Chcę dodać własny artykuł

Zatrzymany włamywacz po brutalnym zniszczeniu drzwi do mieszkania – co się wydarzyło?

Sokólscy policjanci dokonali zatrzymania 34-letniego mężczyzny, który zdemolował drzwi i wtargnął do mieszkania swojej byłej partnerki. Kobieta oszacowała straty na kwotę tysiąca złotych. Mieszkańcowi Sokółki przedstawiono zarzuty dotyczące zniszczenia mienia w warunkach recydywy oraz naruszenia miru domowego.

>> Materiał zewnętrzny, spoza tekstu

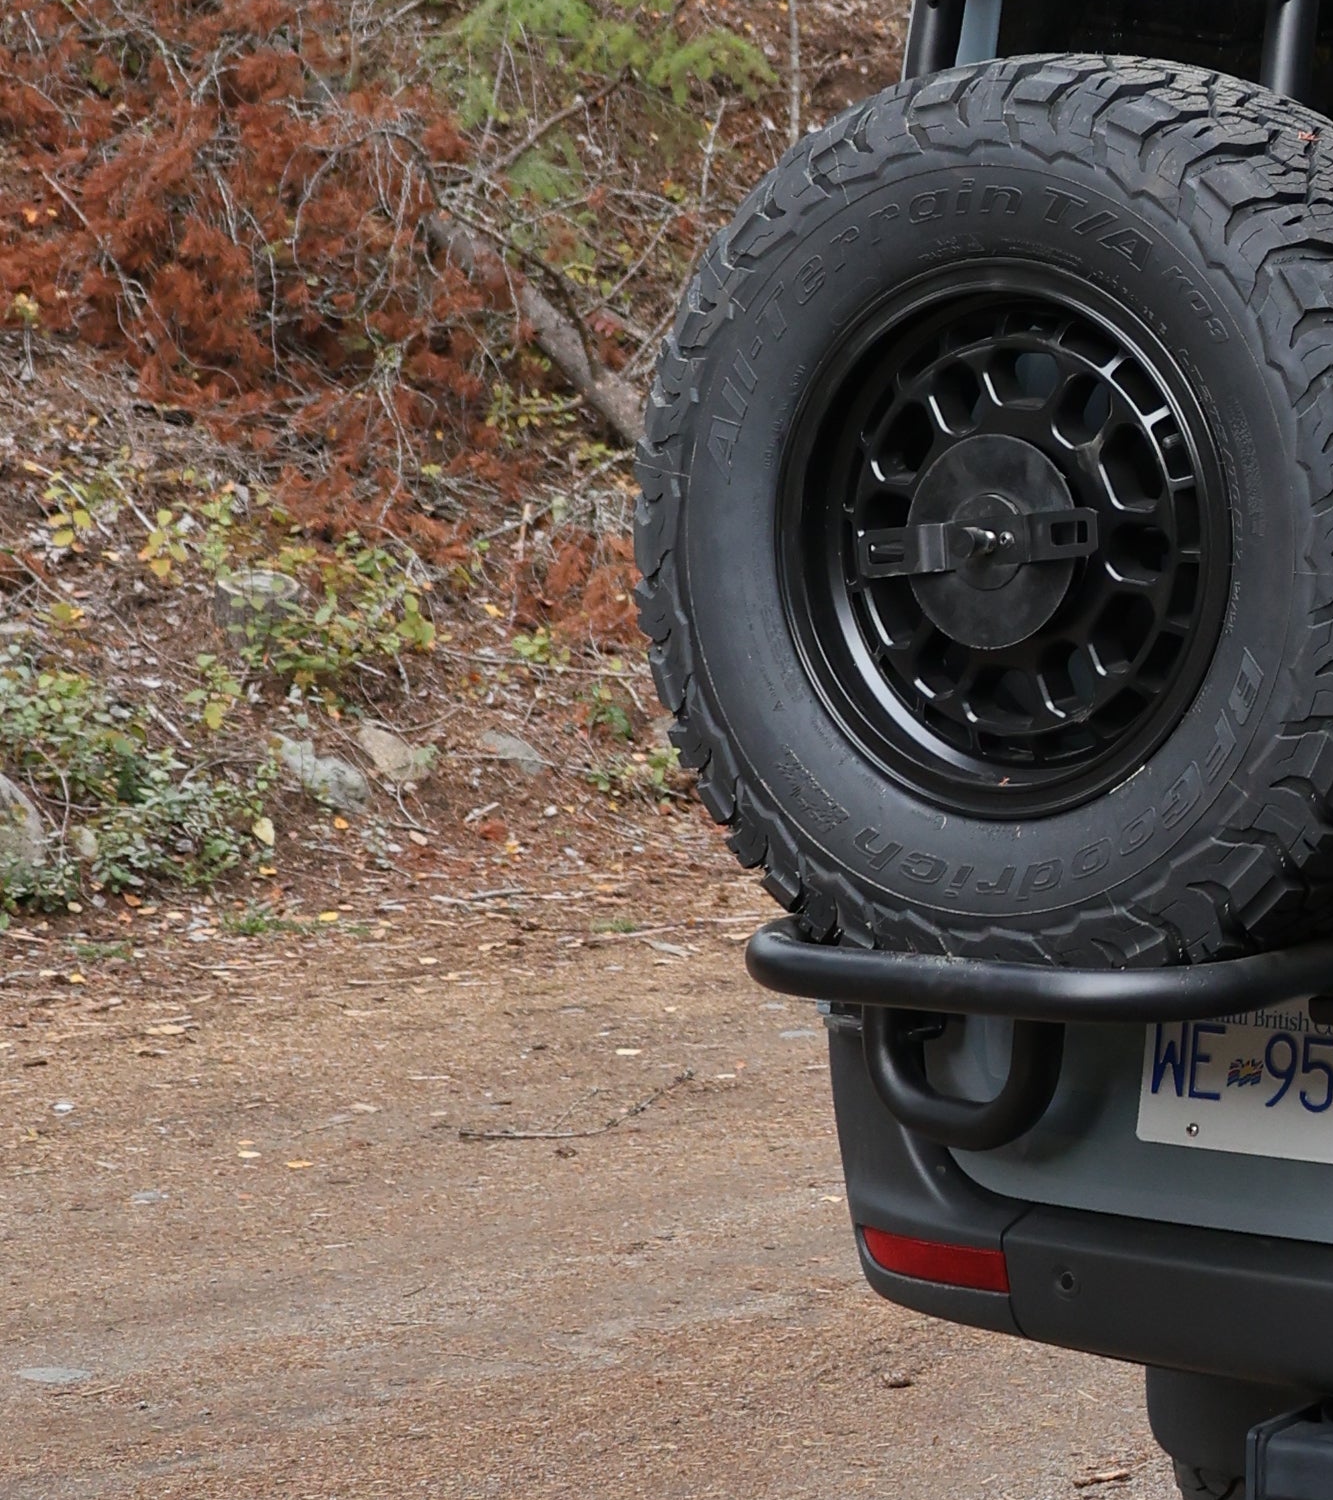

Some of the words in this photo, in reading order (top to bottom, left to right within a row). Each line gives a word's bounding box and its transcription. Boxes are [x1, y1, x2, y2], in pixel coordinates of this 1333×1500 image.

AWANTUR NA PROSTO Z MIESZKANIA

Jak ustalili funkcjonariusze, mężczyzna, będąc pod wpływem alkoholu, usiłował dostać się do lokalu swojej byłej dziewczyny. Gdy ta nie reagowała na jego wezwania, postanowił dać upust swojej frustracji, kopiąc w drzwi. Po chwili zielone światło czaszkowe pozwoliło mu na wdarcie się do środka. Mimo uporczywych próśb kobiety, by opuścił jej mieszkanie, 34-latek ani myślał się wycofać. Co więcej, jego zuchwałość zmusiła pokrzywdzoną do wezwania policji, która szybko zareagowała na sytuację.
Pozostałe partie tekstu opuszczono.